Reviews for Farewell
Nicki BluIs chapter 1 . 8/29/2008
FOR WASTING 48HRS OF YOUR LIFE ON THE RM HERE IS YOUR PRIZE!

This poem really caught my eye with the summary. I liked the image you set up with it and it put the poem in perspective. It could however been a tad less specific since the poem could really apply to any tow lovers not just medeval lovers on a battlefield.

On to the poem. I'm a sucker for repitition so I loved this. I do feel that if you planned to use "thou" you should have used that form throughout the poem. I also think "bid you" should be used in the place of "say" in the 2nd and 4th lines for enhanced parallelism. finally i would change either "silent" or "wordless" to another more powerful adjective. "loving" conveys a clear emotion while the other two are bit empty.

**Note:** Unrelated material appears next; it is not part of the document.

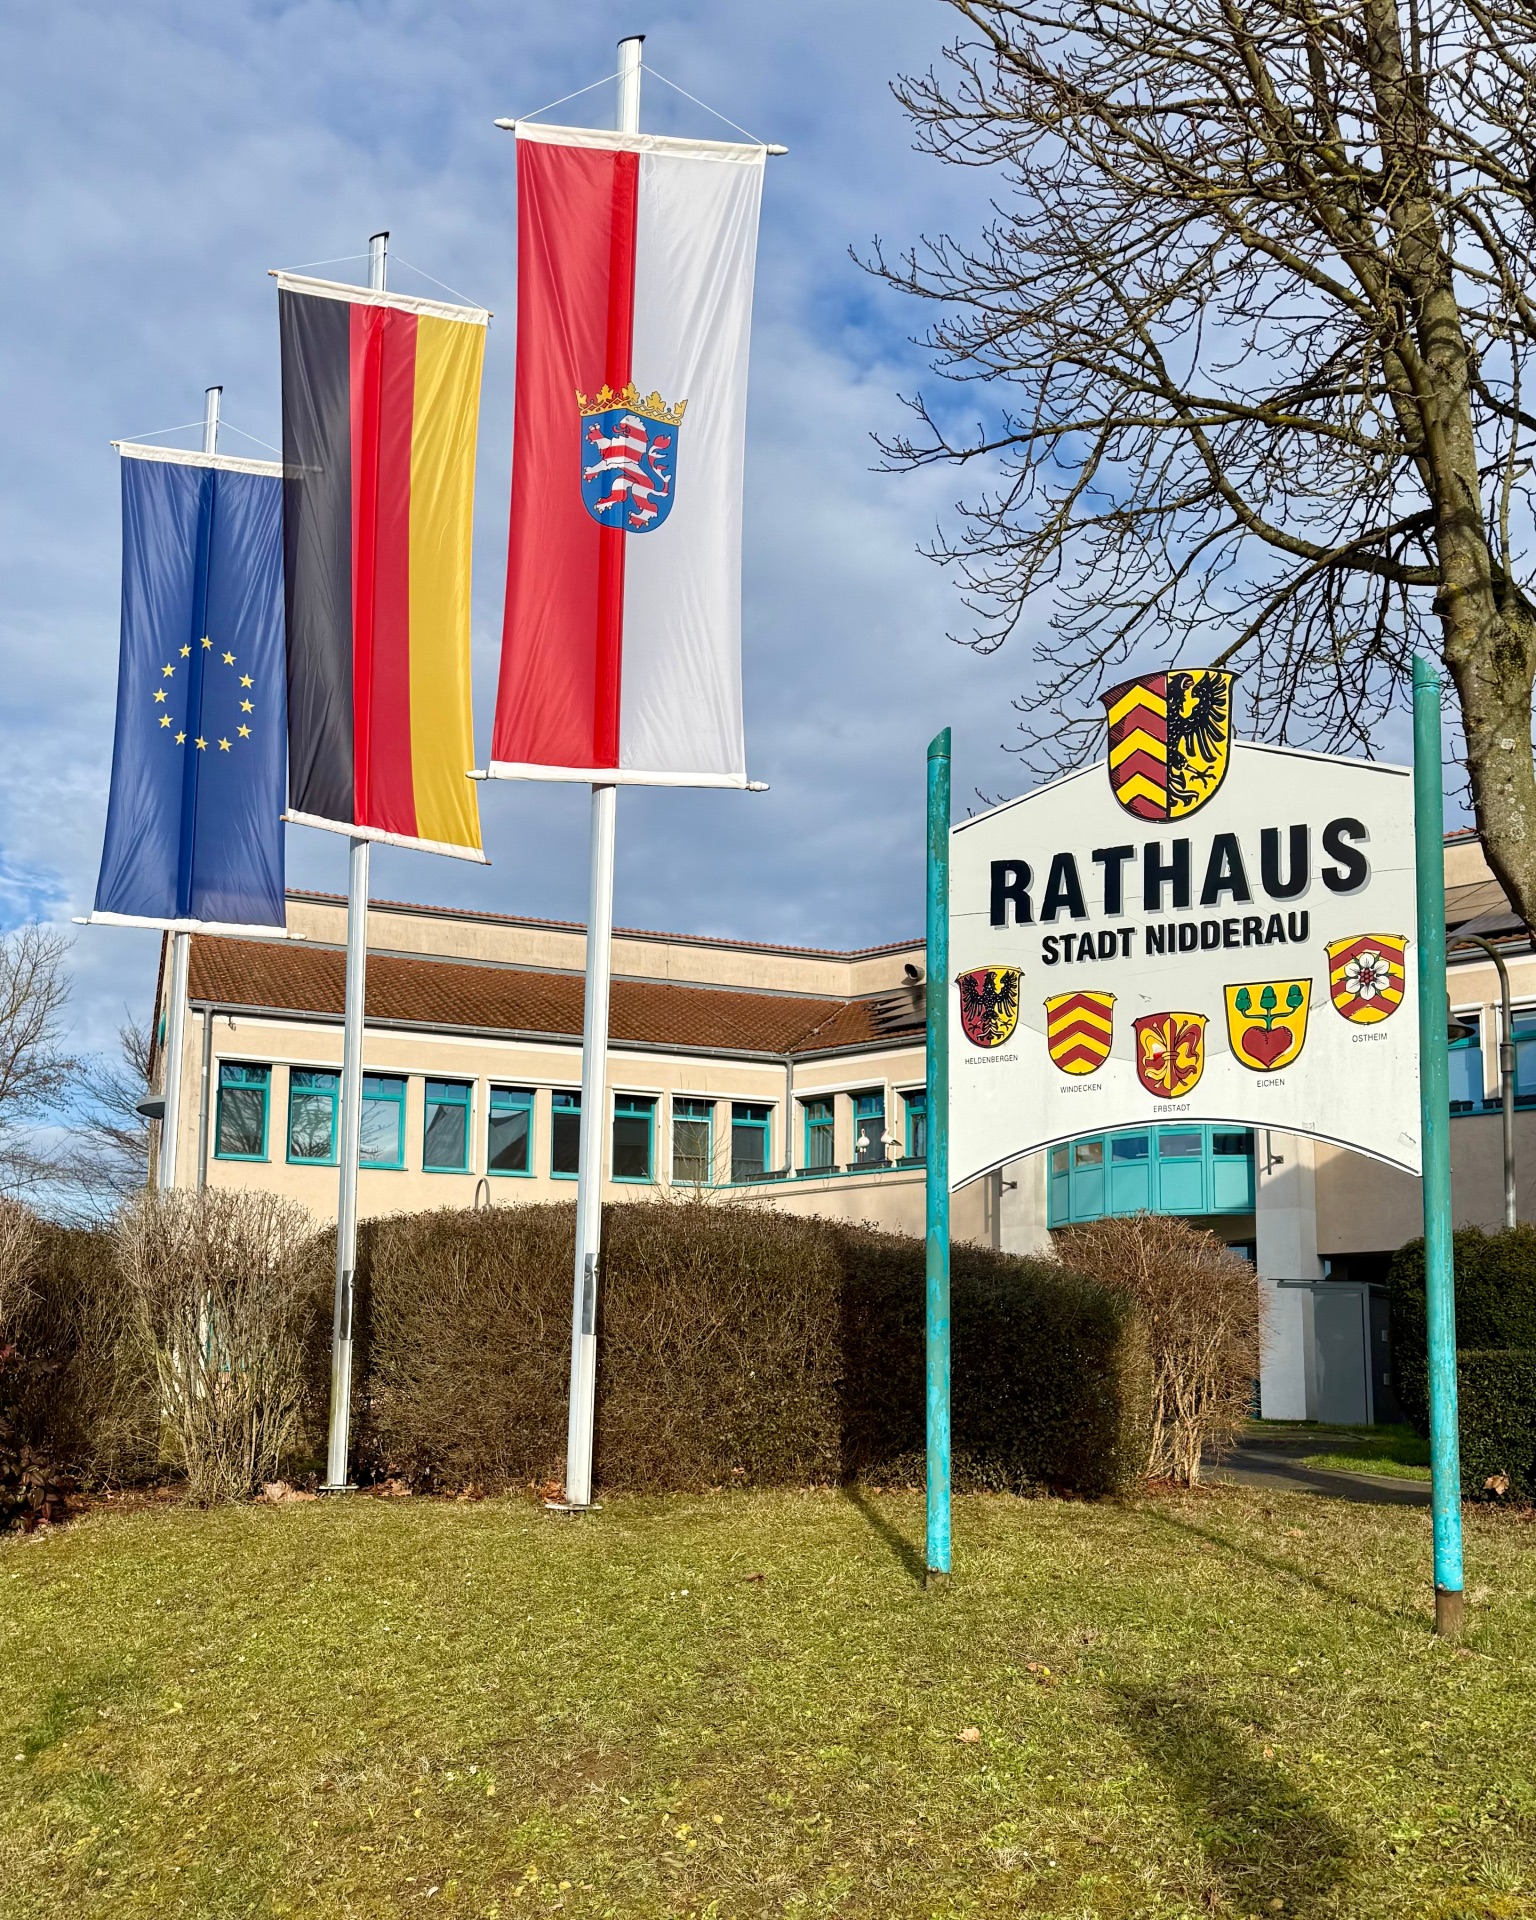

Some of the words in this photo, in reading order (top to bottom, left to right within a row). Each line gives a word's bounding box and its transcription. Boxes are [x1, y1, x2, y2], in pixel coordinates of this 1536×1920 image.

So there's your prize winner! Don't you wish you got a T-shirt instead?

Bubbles :P
Mockingbyrd's Tune chapter 1 . 8/17/2008
Medieval times! Glad you put the explanation in the summary. It made reading your poem more delightful.

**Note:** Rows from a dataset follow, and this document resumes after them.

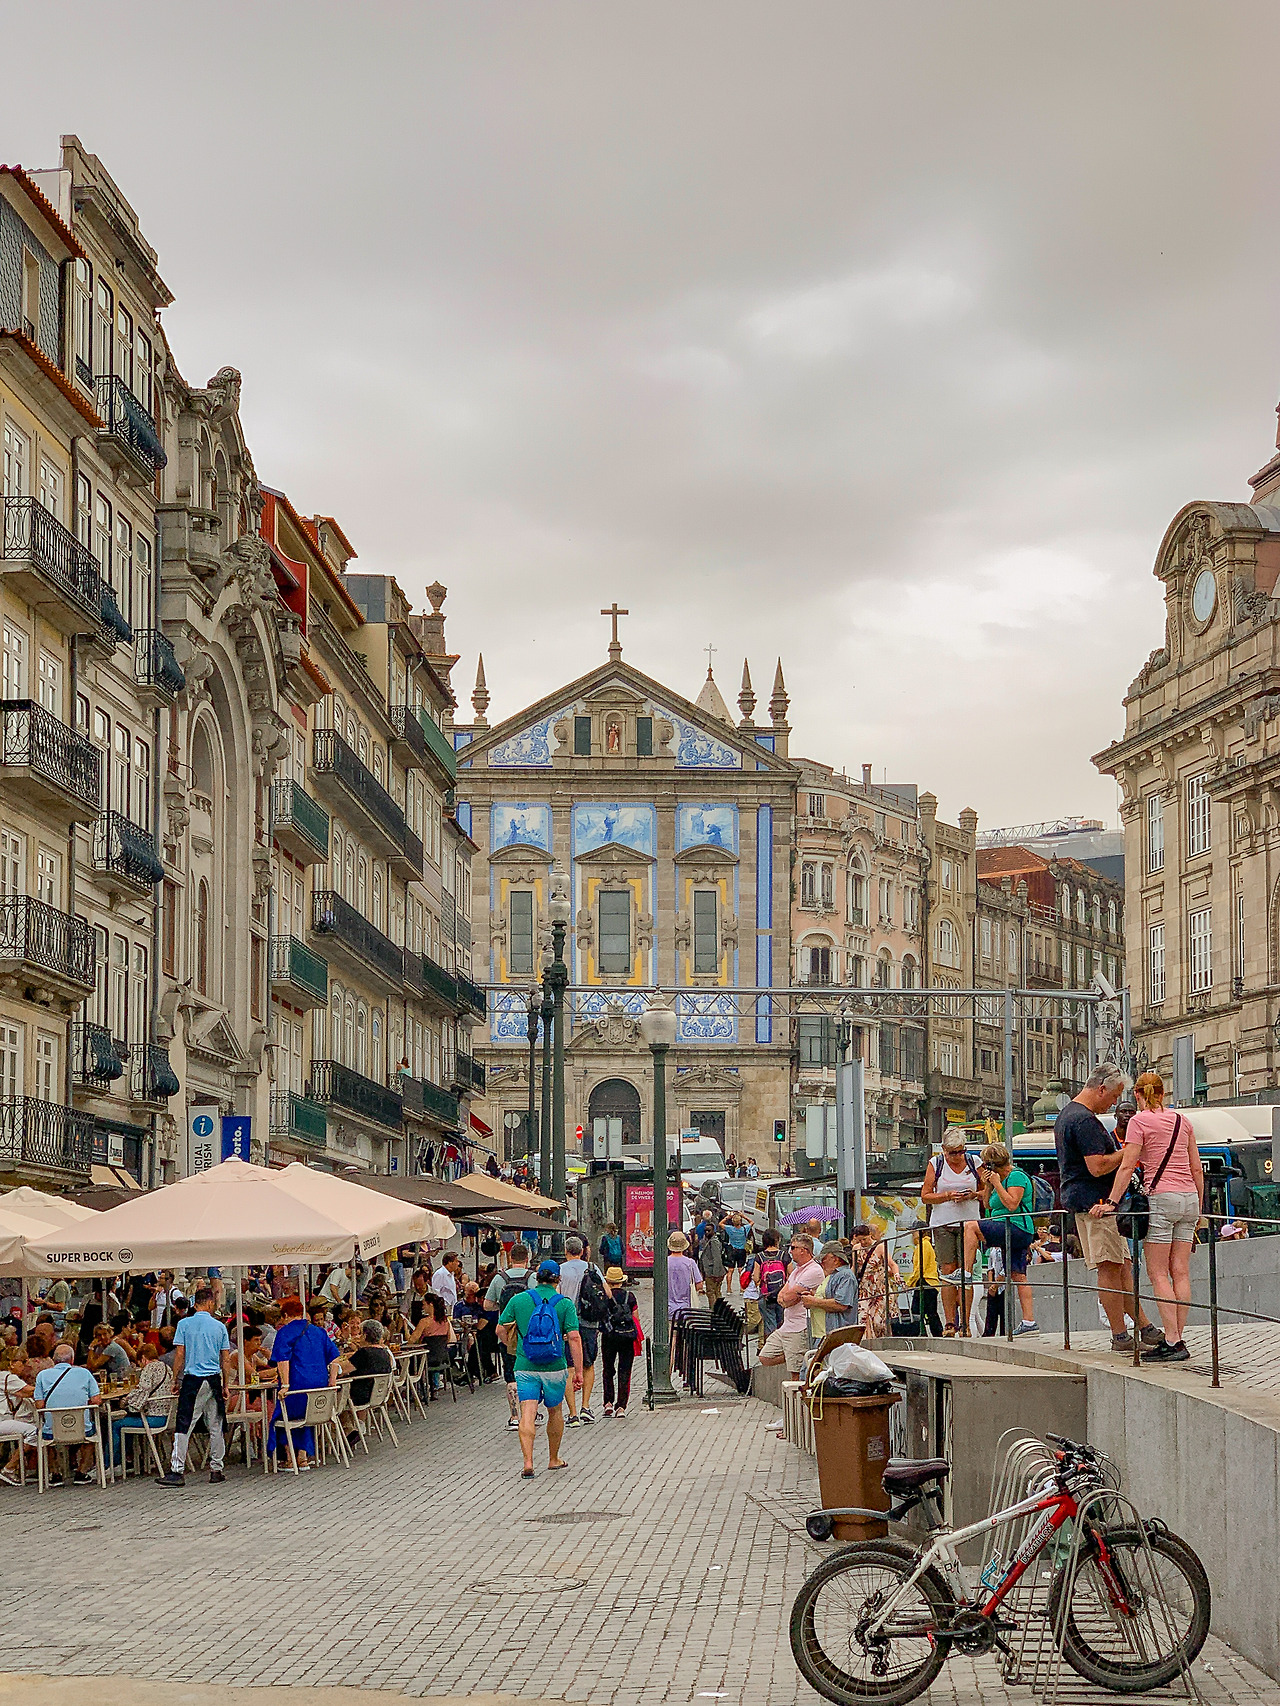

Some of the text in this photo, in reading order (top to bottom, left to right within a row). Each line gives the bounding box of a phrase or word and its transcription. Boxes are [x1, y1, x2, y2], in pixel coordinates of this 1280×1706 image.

[232, 1126, 242, 1155] orto.
[194, 1143, 203, 1175] FICIAL
[203, 1143, 212, 1171] RISM
[46, 1252, 81, 1263] SUPER
[83, 1251, 114, 1262] BOCK
[1021, 1523, 1054, 1564] DECATHLON

“After you leave me amidst this Chaos” – very plaintive and touching.

You’ve got a gift for writing meaningful verse. M.T.
Vanilla Tea chapter 1 . 3/23/2008
Aww, I really like this poem, especially how its set in the medieval times. And I really like how it doesn't just repeat "I say Farewell," it changes. I really wouldn't change anything in this...I think its good.

-SB

Courtesy of Fight for the Freebie!
emptyemptyemptyempty chapter 1 . 3/22/2008
Not as strong as some of your others. This poem just doesn't have anything especially...BAM, you know? But don't be angry, i love your work.

jo
LyricsArePoetry chapter 1 . 2/28/2008
Aww this is lovely!
doctor's diagnosis chapter 1 . 2/27/2008
Reading the first line, I didn't understand how this was a love poem, but as I kept reading, it just clicked.

I like the recurring "Farewell" a lot, but I'm not so sure about how it's capatilized everytime. If you want it that way it's cool and all, but I just don't see a reason.

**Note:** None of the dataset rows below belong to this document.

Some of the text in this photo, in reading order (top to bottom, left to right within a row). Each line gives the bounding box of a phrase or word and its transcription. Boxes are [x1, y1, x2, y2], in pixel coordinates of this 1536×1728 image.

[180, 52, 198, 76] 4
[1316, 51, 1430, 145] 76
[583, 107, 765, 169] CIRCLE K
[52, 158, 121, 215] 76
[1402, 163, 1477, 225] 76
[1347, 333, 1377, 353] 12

I like the couplet form of this, it makes it easy to read and keeps the pace of the poem.

Now that I think about it, I like how Chaos, End, and Farewell are capitalized. Not sure why it is, but I like it.

I love the wording, with "thou" and "bid" and "amidst". It makes this poem something original and different.

My favorite is probably the third section. That one really makes it a love poem.

One thing that confuses me, is at the begining it's talking about how "thou hast been slain" and in the end the speaker is "waiting for my End". Does that mean they're just waiting for the end because it's not worth living without the person they're farewell-ing?